=== EXCERPTED RECORDS ===
————

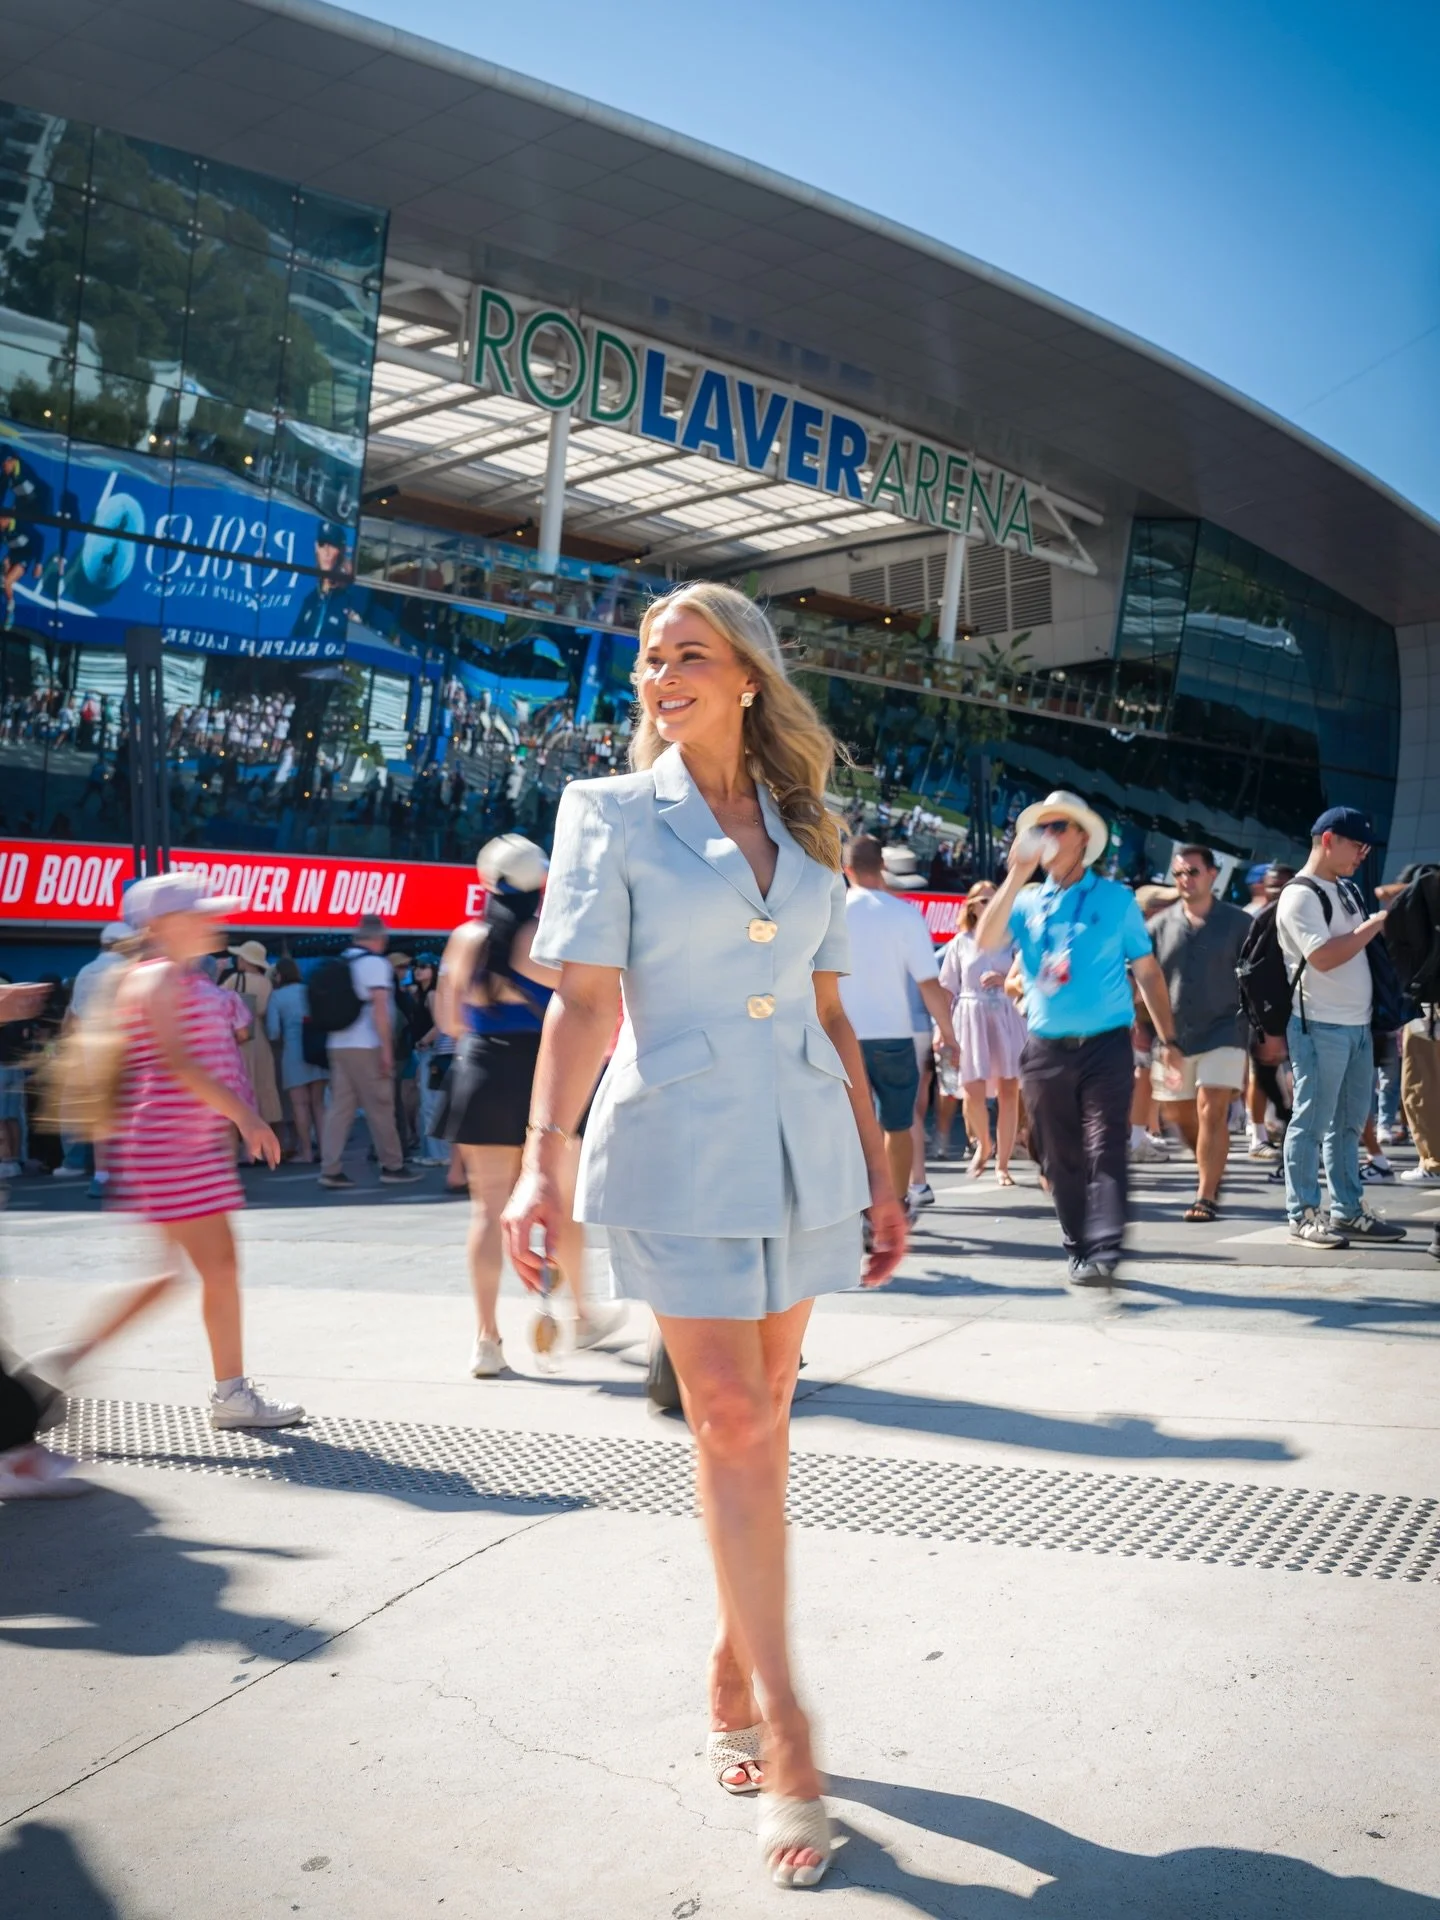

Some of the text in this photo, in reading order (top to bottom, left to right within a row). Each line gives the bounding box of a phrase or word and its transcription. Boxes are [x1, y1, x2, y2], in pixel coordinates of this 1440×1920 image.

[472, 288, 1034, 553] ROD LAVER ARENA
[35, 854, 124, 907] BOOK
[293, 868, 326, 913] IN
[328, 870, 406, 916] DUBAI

————

=== TASK BRIEF ===
Each line above should be returned exactly as written, apart from any pictures.

=== THE ANSWER ===
Some of the text in this photo, in reading order (top to bottom, left to right within a row). Each line gives the bounding box of a phrase or word and its transcription. Boxes are [x1, y1, x2, y2], in pixel coordinates of this 1440×1920 image.

[472, 288, 1034, 553] ROD LAVER ARENA
[35, 854, 124, 907] BOOK
[293, 868, 326, 913] IN
[328, 870, 406, 916] DUBAI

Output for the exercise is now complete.